==== Records for this task ====
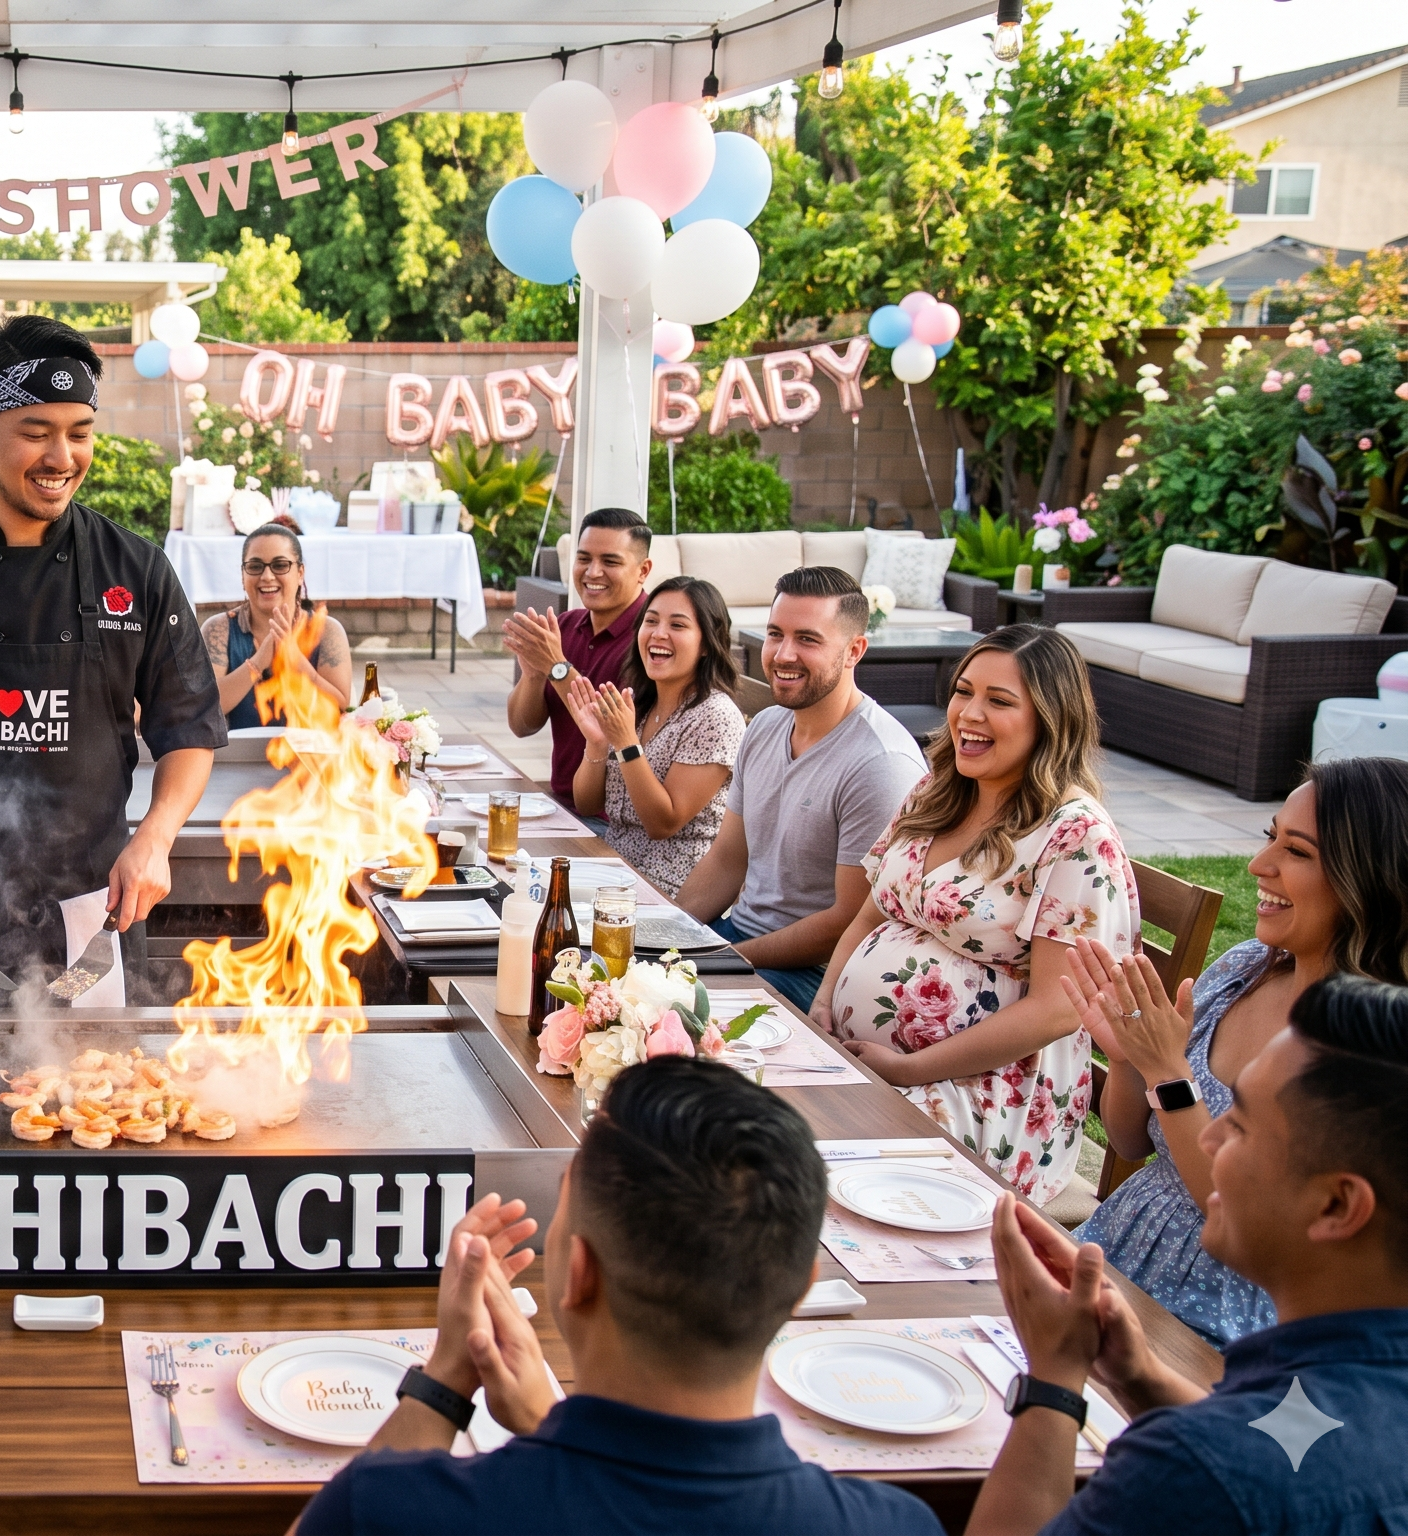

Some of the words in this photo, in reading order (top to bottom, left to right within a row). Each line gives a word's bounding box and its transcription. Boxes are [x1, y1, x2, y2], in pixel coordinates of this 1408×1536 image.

[239, 350, 346, 442] OH
[386, 357, 577, 452] BABY
[652, 337, 871, 441] BABY
[306, 1380, 373, 1401] Baby
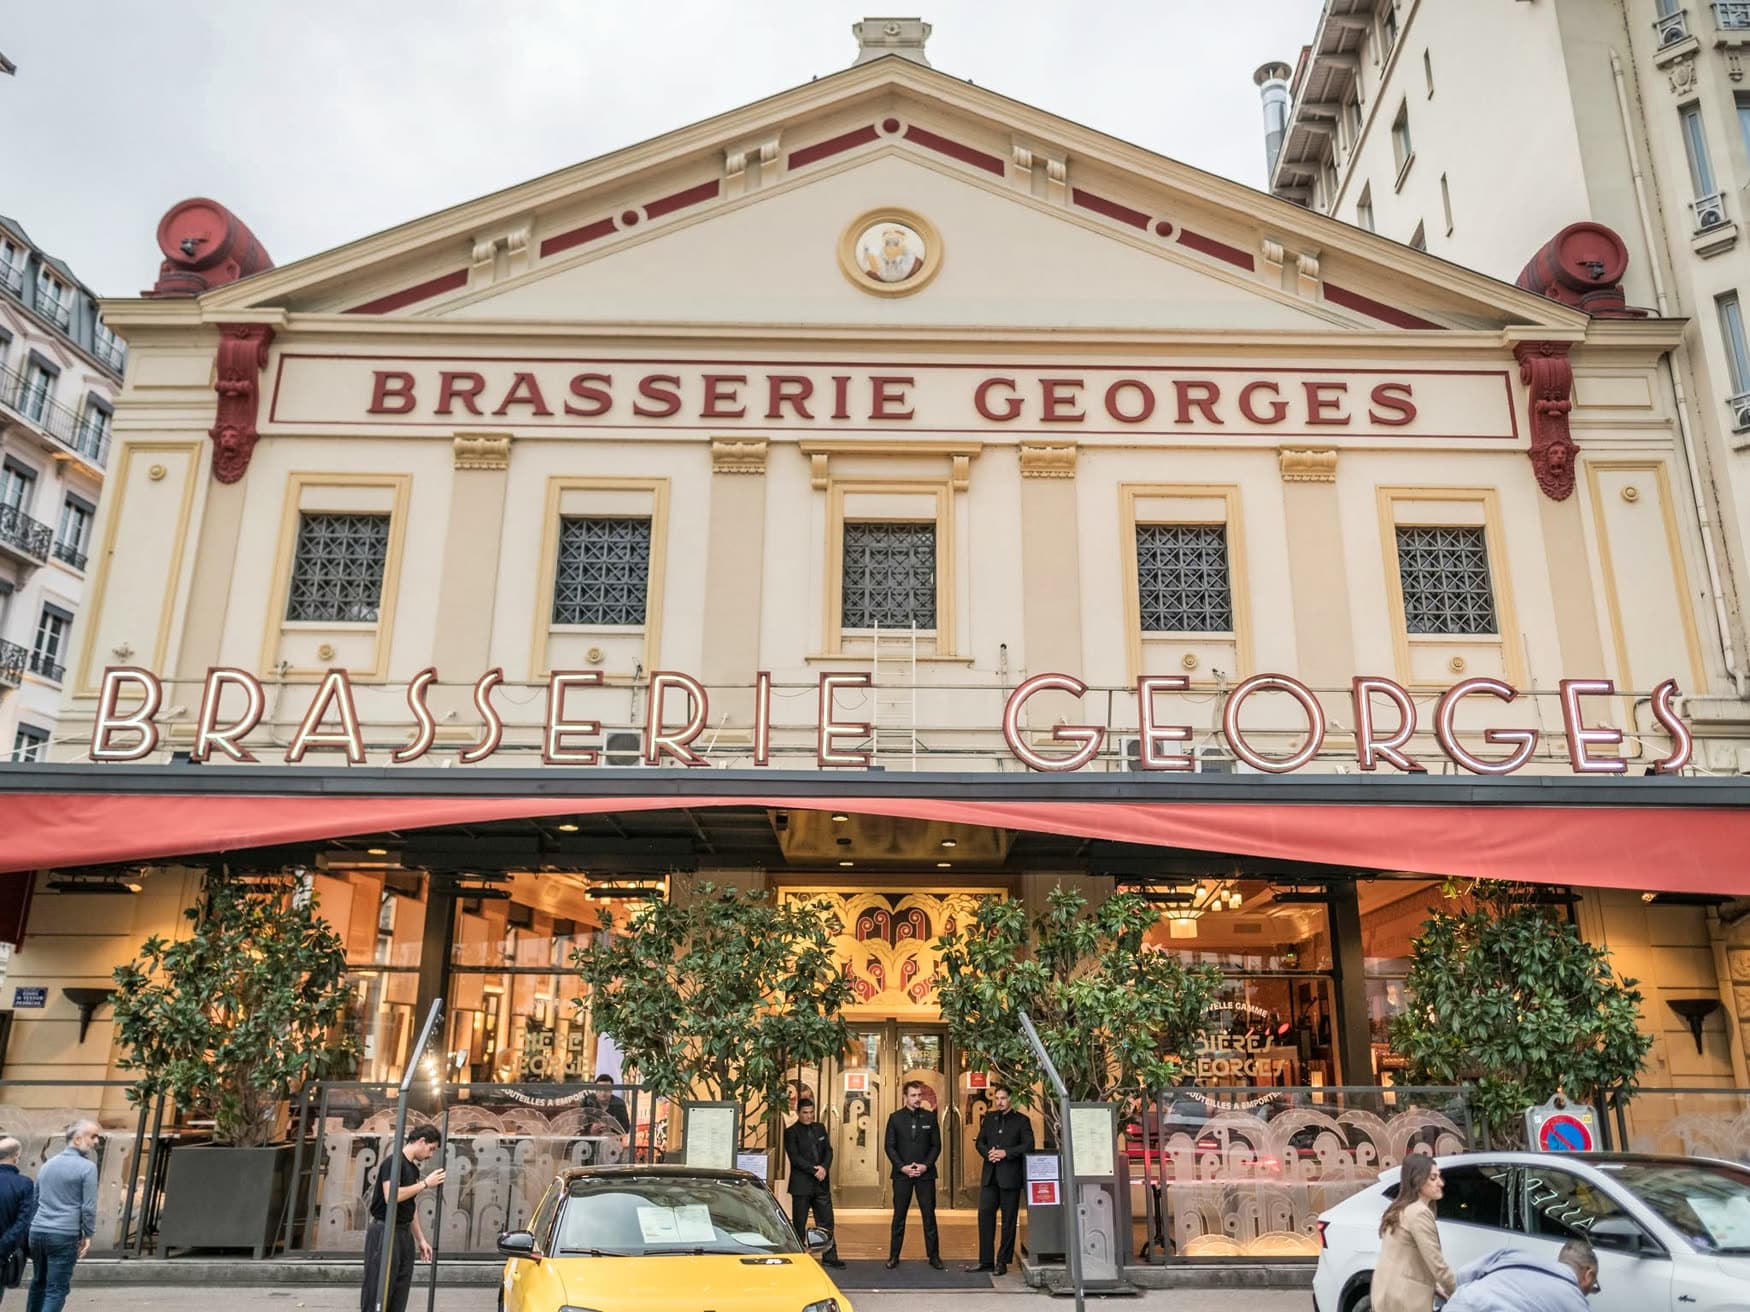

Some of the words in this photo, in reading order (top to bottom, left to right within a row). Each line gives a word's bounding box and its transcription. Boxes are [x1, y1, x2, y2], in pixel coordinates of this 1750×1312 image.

[369, 369, 914, 421] BRASSERIE
[973, 377, 1418, 428] GEORGES
[89, 666, 871, 767] BRASSERIE
[1002, 672, 1693, 773] GEORGES
[1235, 1002, 1268, 1018] GAMME
[1181, 1057, 1286, 1077] GEORGES
[501, 1088, 545, 1106] OUTEILLES
[1186, 1092, 1232, 1110] OUTEILLES
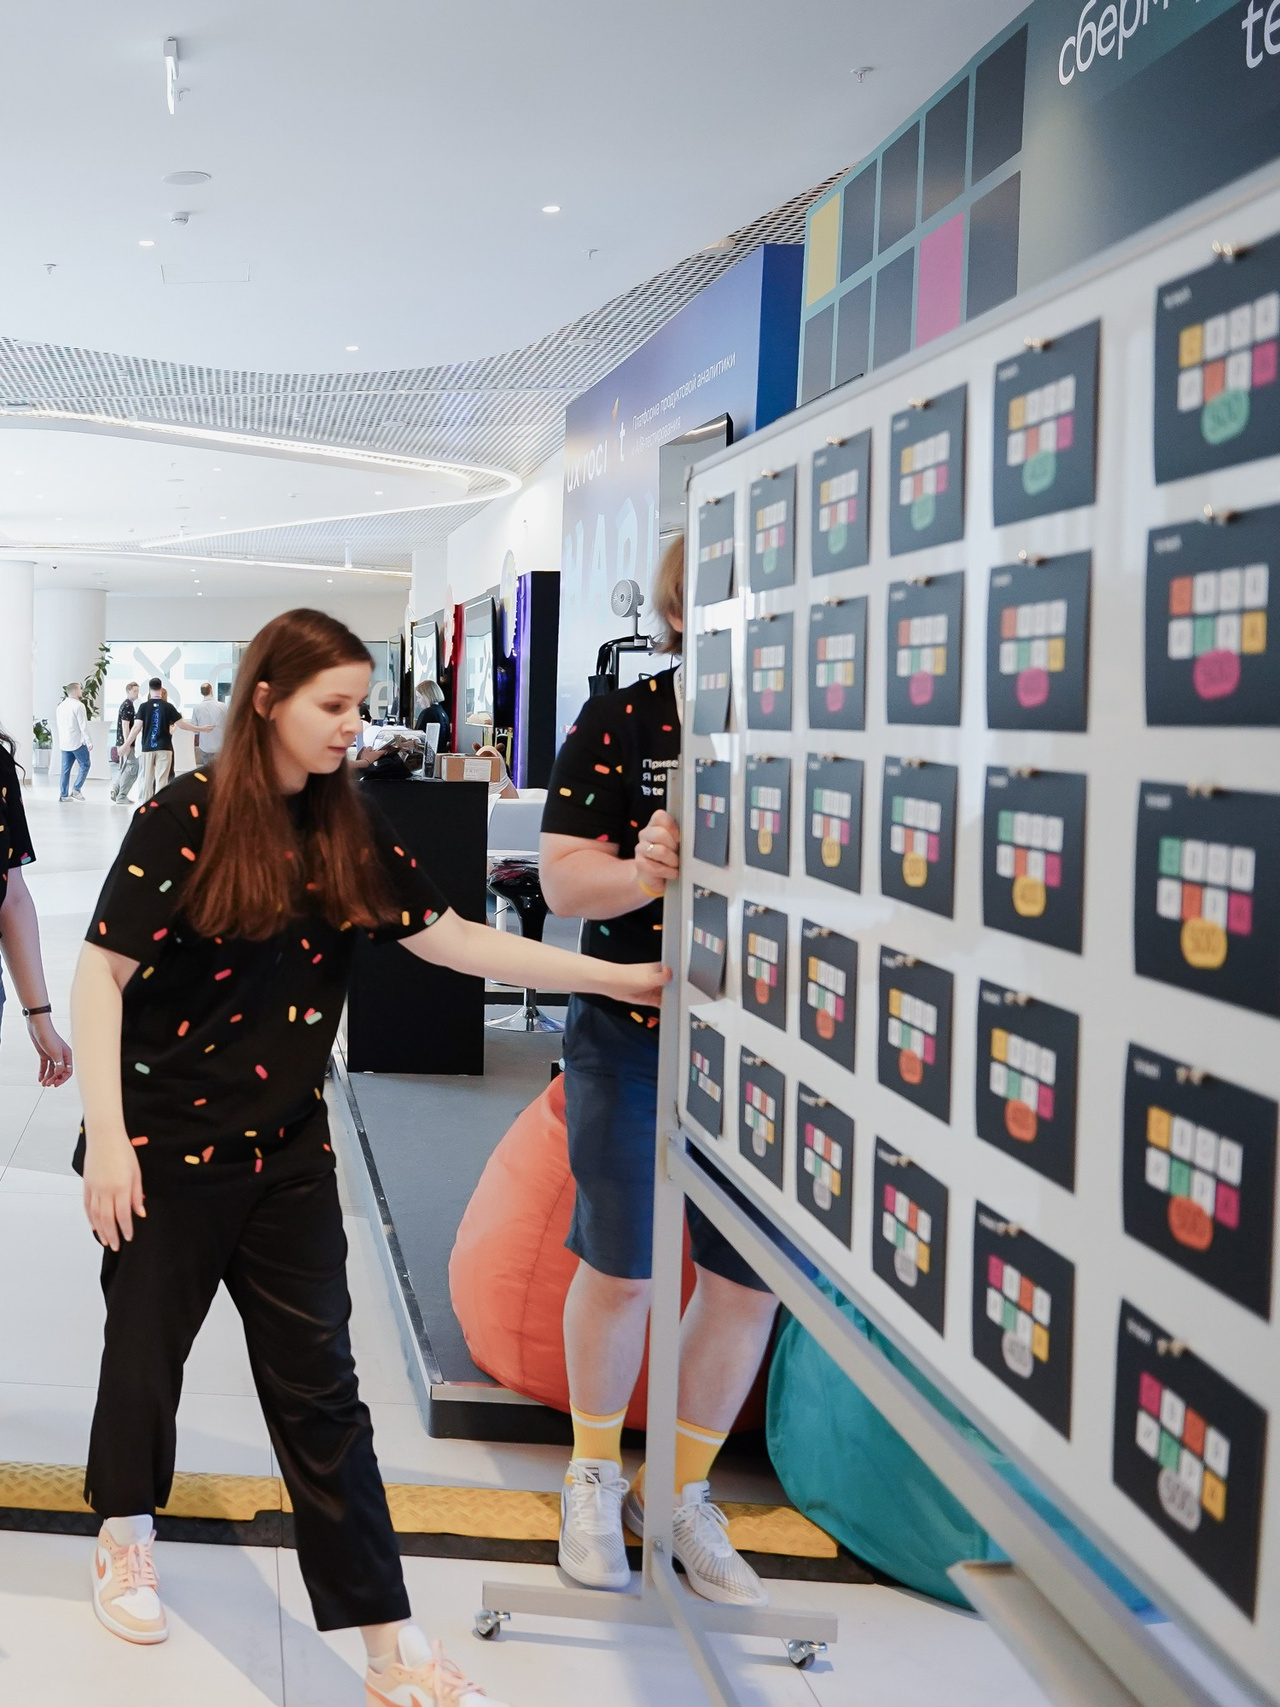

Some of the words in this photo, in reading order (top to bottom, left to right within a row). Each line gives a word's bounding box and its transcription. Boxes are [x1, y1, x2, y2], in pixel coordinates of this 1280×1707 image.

[697, 352, 736, 389] аналитики
[642, 758, 679, 770] Приве
[642, 772, 652, 782] Я
[653, 773, 667, 782] из
[652, 786, 665, 797] te
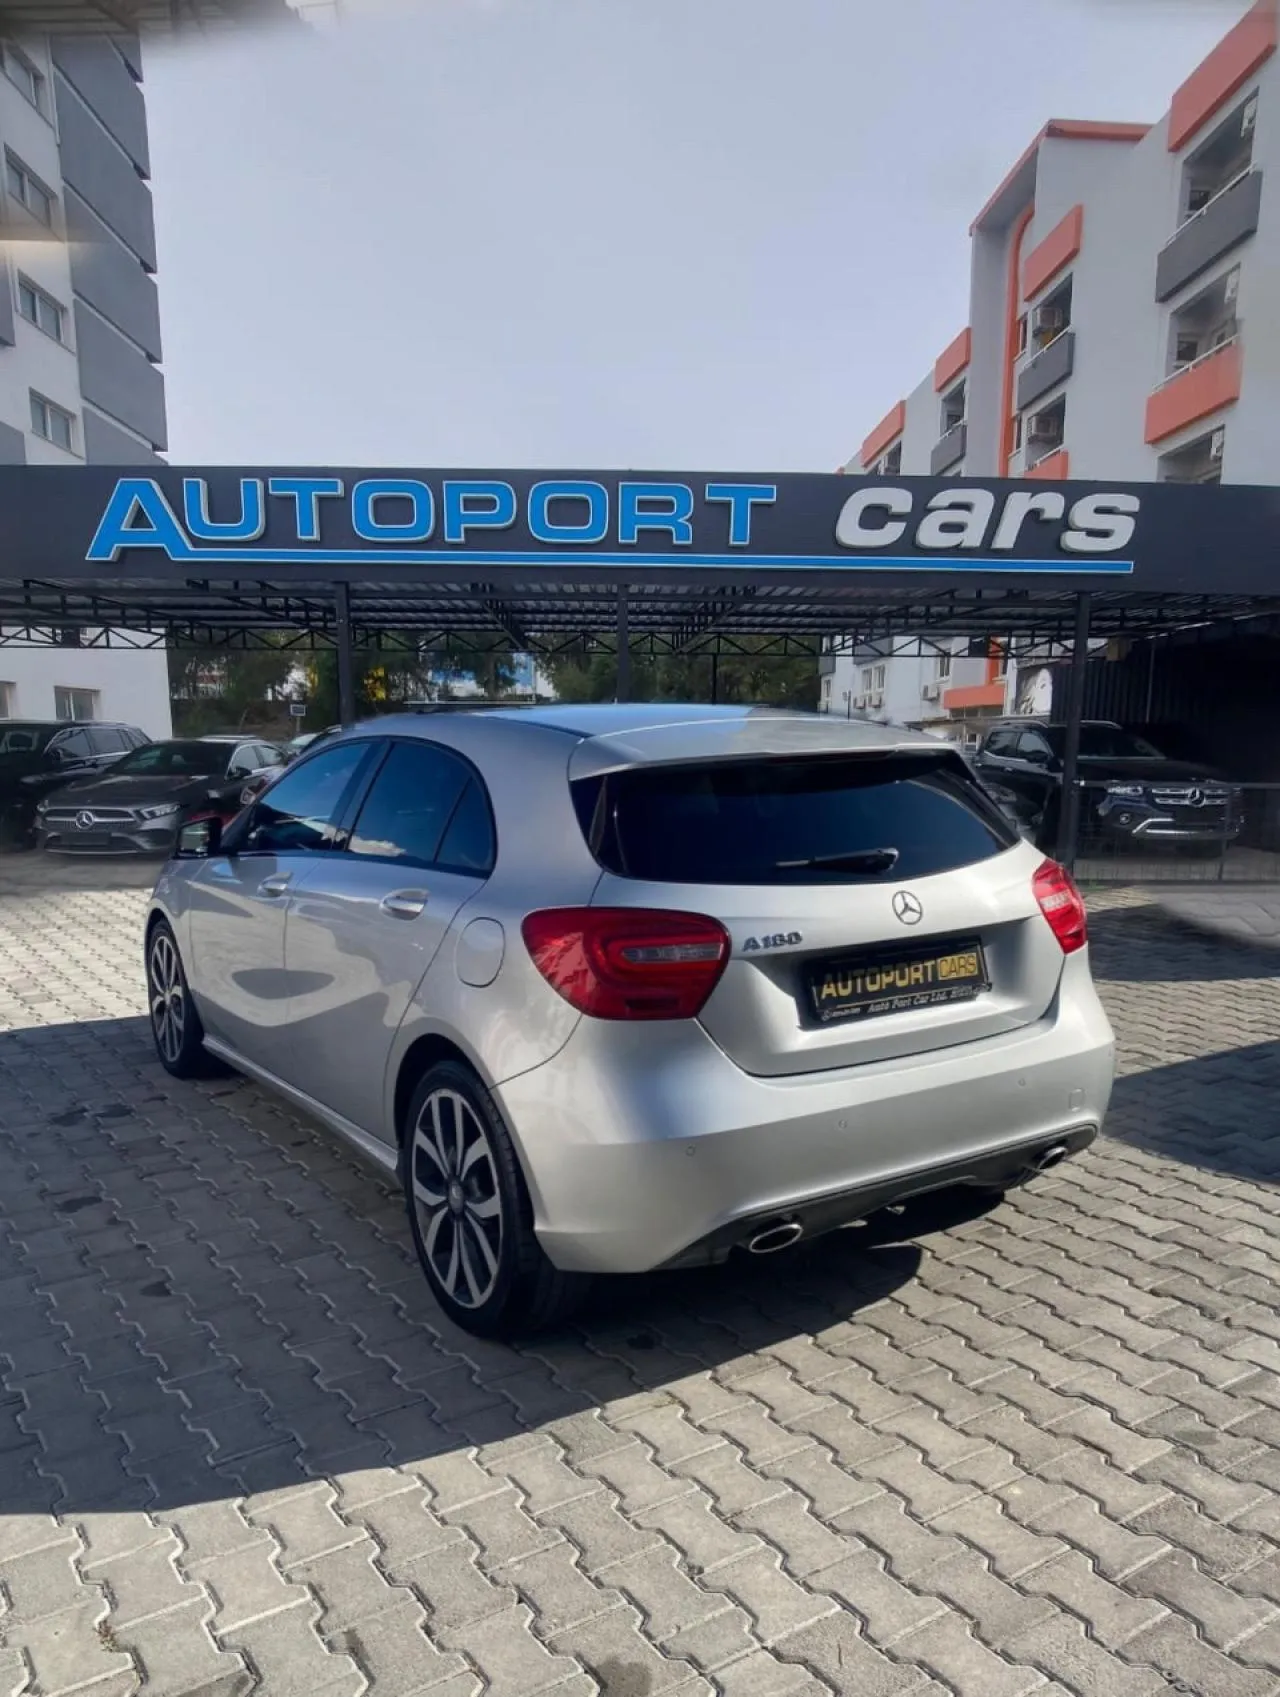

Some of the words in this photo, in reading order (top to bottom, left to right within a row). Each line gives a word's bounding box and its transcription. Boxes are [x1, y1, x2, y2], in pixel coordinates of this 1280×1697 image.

[85, 477, 778, 561] AUTOPORT
[835, 486, 1141, 553] cars
[821, 961, 936, 1000] AUTOPORT
[938, 954, 978, 980] CARS
====
**What you will do:** Give back every entry verbatim. No pictures belong in the copy.

**Task solution:**
Some of the words in this photo, in reading order (top to bottom, left to right within a row). Each line gives a word's bounding box and its transcription. Boxes are [x1, y1, x2, y2], in pixel coordinates of this 1408×1536 image.

[239, 350, 346, 442] OH
[386, 357, 577, 452] BABY
[652, 337, 871, 441] BABY
[306, 1380, 373, 1401] Baby

Some of the words in this photo, in reading order (top to bottom, left to right within a row). Each line gives a word's bounding box and its transcription. Boxes are [x1, y1, x2, y2], in pixel coordinates of this 1750×1312 image.

[369, 369, 914, 421] BRASSERIE
[973, 377, 1418, 428] GEORGES
[89, 666, 871, 767] BRASSERIE
[1002, 672, 1693, 773] GEORGES
[1235, 1002, 1268, 1018] GAMME
[1181, 1057, 1286, 1077] GEORGES
[501, 1088, 545, 1106] OUTEILLES
[1186, 1092, 1232, 1110] OUTEILLES

Some of the words in this photo, in reading order (top to bottom, left to right within a row). Each line gives a word's bounding box and its transcription. Boxes are [x1, y1, x2, y2], in pixel coordinates of this 1280×1707 image.

[697, 352, 736, 389] аналитики
[642, 758, 679, 770] Приве
[642, 772, 652, 782] Я
[653, 773, 667, 782] из
[652, 786, 665, 797] te

Some of the words in this photo, in reading order (top to bottom, left to right within a row). Each line gives a word's bounding box and its transcription. Boxes are [x1, y1, x2, y2], in pixel coordinates of this 1280×1697 image.

[85, 477, 778, 561] AUTOPORT
[835, 486, 1141, 553] cars
[821, 961, 936, 1000] AUTOPORT
[938, 954, 978, 980] CARS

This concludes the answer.